What value does the Agile Research Consortium (ARC) for Schools hold for me?

ARC brings together in one location (1) resources, (2) examples of researched practice using agile principles and practices, and most importantly, (3) people.

Who is on the ARC steering committee?

Several organizations have joined together to create ARC. We are large and small organizations, practitioners and researchers, educators and others.

Is agile the future of school reform?

No. But we believe agile is part of the future of school reform.

Can I be involved?

Yes. You can send us your name, your organization’s name, and a URL if you would like to be listed on the Friends page.

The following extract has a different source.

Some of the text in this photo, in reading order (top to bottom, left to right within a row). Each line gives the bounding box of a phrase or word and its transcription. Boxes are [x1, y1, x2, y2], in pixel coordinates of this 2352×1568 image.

You can send us suggestions for additional resources and research about agile in education. You can also share the website with friends and colleagues.

I just want to eliminate all the noise and know how to rethink schools. Is ARC going to help me?

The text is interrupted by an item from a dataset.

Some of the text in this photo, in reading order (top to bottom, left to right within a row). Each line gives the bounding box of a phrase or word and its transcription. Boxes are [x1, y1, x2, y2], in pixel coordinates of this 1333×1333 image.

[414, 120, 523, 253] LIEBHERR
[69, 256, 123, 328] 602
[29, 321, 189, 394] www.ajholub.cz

Yes. While no one has all the answers, we do think we are asking some of the right questions. We are willing to assemble researched examples of agile in education for the community and to wonder with you how agile can help break the lock of traditional mindsets in school.

I’m a teacher, how do I get started?

We suggest you run some trials in your own classroom. Here we explain how some ARC members explored and cultivated agility in the classroom at their school.

I’m a school administrator, how do I get started?

Probably the easiest way to get started as an administrator is to focus on the most important things, minimize simultaneous projects, and let people know WHAT is needed while you avoid telling people HOW to do the work. Encourage regular project progress reviews and follow the following feedback guidelines, from Dr. LeeAnn Renninger. Another excellent resource is Pixar’s plussing feedback to help keep people interested and motivated. This is a big change in school management. We therefore encourage small, incremental changes to allow people to adjust and get good at these skills as they are introduced. In particular, we recommend starting with the above feedback methods and communication - developing trust, safety and motivation is key to an agile environment.